Vonda Vaden Bates is an alliance builder and leadership coach with over 30 years of experience helping professionals and organisations succeed. In 2012, her husband, Yogiraj Charles Bates, died from one of the most common preventable causes of death, known as hospital-associated venous thromboembolism. In 2013, Vonda decided to contribute her skills to the Patient Safety Movement Foundation to help advance the mission of Zero Preventable Harm. Vonda uses her compassionate voice, strategic skills, and collaboration expertise to help improve communication and safety in healthcare.


She believes that a multidisciplinary approach is needed to ensure the safe delivery of medical care -- and that safety science is strengthened with interdisciplinary collaboration from social scientists, behavioural scientists, organisational systems development professionals, artists, and the public which depends on safe medical care. Vonda is the CEO of 10th Dot®, a company founded by her late husband, which coaches and trains individuals, teams and organisations to perform at their best.

 

What are your key areas of interest and research?

My professional fields encompass Organisational Development, Systems Development, Relationship Consulting, and Engagement Strategy. My experience has been primarily applied toward helping people develop personally in order to succeed professionally and organisationally. I also apply years of training in mindfulness philosophies (with a focus on navigating the nervous system with contemplation, breath and meditation) and community building through artistic endeavours and audience engagement.

 

In terms of research, my greatest curiosity is how executive function, errors and mindfulness stress reduction are related. I’m particularly interested in executive functioning, which is the brain’s ability to deploy attentional resources and flexibly adapt to provide optimal decision-making.

 

Questions that I’m interested in include:

 

     What helps increase executive function?

     How can individuals identify what helps their own executive function?

     How can safety be improved by attending to a person’s executive function while giving and receiving medical care?

 

What are the major challenges in your field?

Two major challenges faced in my field of work are similarly found in healthcare. Much like the fields of organisational and systems development, the medical arts are founded upon addressing personal matters by people who are guided and constrained by the structure of systems.

 

To address this dynamic, my colleagues and I hone skills to relate both intimately and strategically. Taking an intimate approach means to work with what is without attempting to change it. This is a helpful way to orient with a person or a new situation. It’s also a great learning strategy. This is in contrast to taking a strategic approach which intends to change behaviours or a situation.

 

Both an intimate and strategic approach are valuable. A challenge commonly faced by clinicians, which I also face in my profession, is knowing which of the two approaches is more likely to support good outcomes in a given situation. Challenging, also, is gaining the skill to be nimble enough to approach many circumstances with an intimate or strategic approach, given what is called for. Most people, not just clinicians, will tend to use one of these approaches as a solution for most circumstances. This can limit their effectiveness.

 

What is your top management tip?

Instead of complaining about someone or something, I take a look at how I might be like that or might avoid being like that. It’s easy to focus on improving others without first attending to one’s own opportunities for positive behavioural change. It’s easy to believe that if I control circumstances around me, I’ll have a better experience. In most situations, however, changing my own perspective and behaviour gives me far greater control over a situation.  

 

What would you single out as a career highlight?

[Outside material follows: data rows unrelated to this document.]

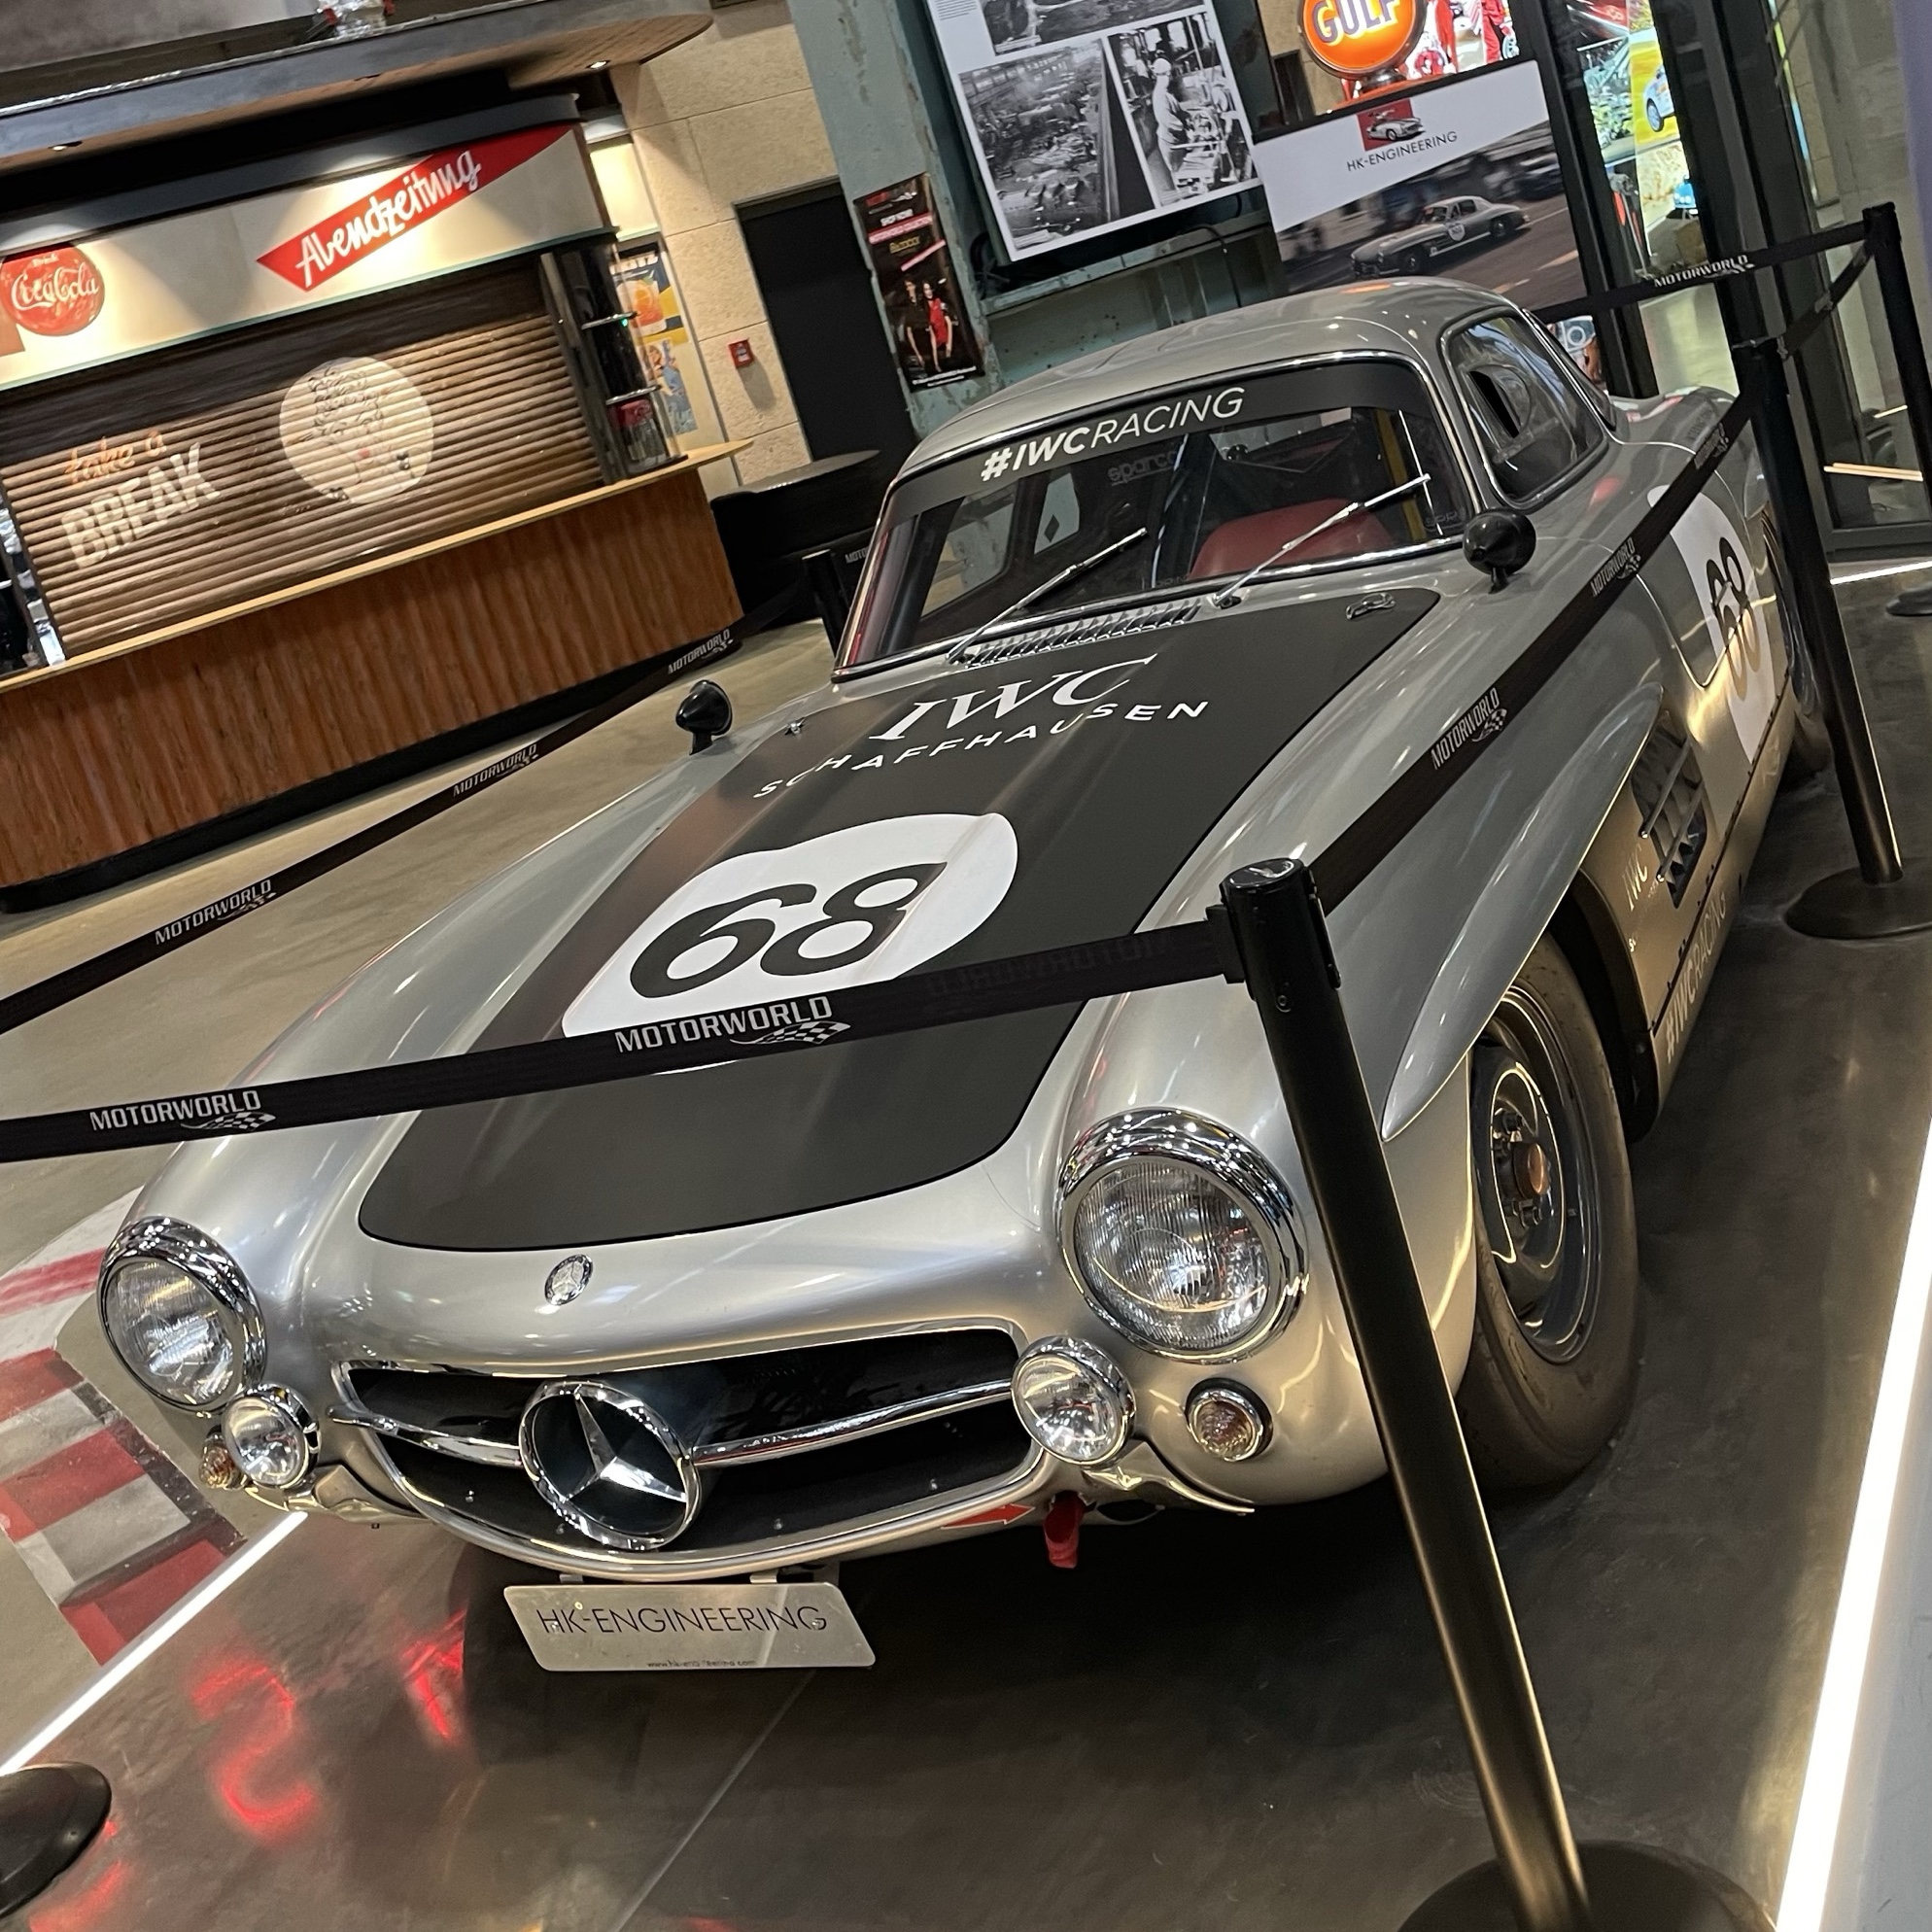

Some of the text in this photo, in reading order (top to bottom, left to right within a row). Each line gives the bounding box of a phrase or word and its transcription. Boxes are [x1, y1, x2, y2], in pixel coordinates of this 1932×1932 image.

[1347, 131, 1458, 172] HK-ENGINEERING
[295, 150, 482, 288] Abendzeitung
[1654, 254, 1748, 288] MOTORWORLD
[61, 442, 222, 569] BREAK
[668, 628, 731, 674] MOTORWORLD
[869, 653, 1157, 742] IWC
[753, 701, 1209, 799] SCHAFFHAUSEN
[1431, 687, 1501, 771] MOTORWORLD
[452, 743, 537, 797] MOTORWORLD
[155, 879, 272, 946] MOTORWORLD
[630, 862, 948, 999] 68
[614, 995, 833, 1052] MOTORWORLD
[89, 1089, 261, 1131] MOTORWORLD
[536, 1606, 827, 1634] HK-ENGINEERING

One of my career highlights happened while contracting with a Fortune 500 retailer. We collaborated to shift from a ‘Tell’ culture to an ‘Engaged’ culture. I remember getting the initial call from an executive leader who presented a familiar problem I had seen with other clients. The corporate sales executives were noticing that their regional, district and store leaders were not meeting their annual sales goals. With the support of the communications team, I was successful in convincing them to draw out annual goals from these leaders and to measure their success based on what they wanted to achieve rather than what they were told to accomplish. The corporate team was surprised when the store and district managers actually set their annual goals quite a bit higher than prior years. We used participant engagement tools to track engagement and achievement over three years. Everyone saw noticeable performance improvements.

 

This directly aligns with patient-centred care in my opinion. When a person is engaged as an investor in their own outcomes, they will very often set higher expectations and find the wherewithal to achieve those aims.

 

If you had not chosen this career path you would have become a…?

I would have become a geologist. I’m fascinated with how the land has been and continues to be formed.

 

What are your personal interests outside of work?

I love spending time in solitude and quiet. I dance nearly every day. Spending time with family and friends brings me great joy, as does traveling to places I’ve only heard about and experiencing a wide array of people and places.

 

Your favourite quote?

Our organisational vision is to ‘Share all things as the sun shares, without hesitation or discrimination’. I also love what my late husband proclaimed as his life goal – to “Love all and exclude none”.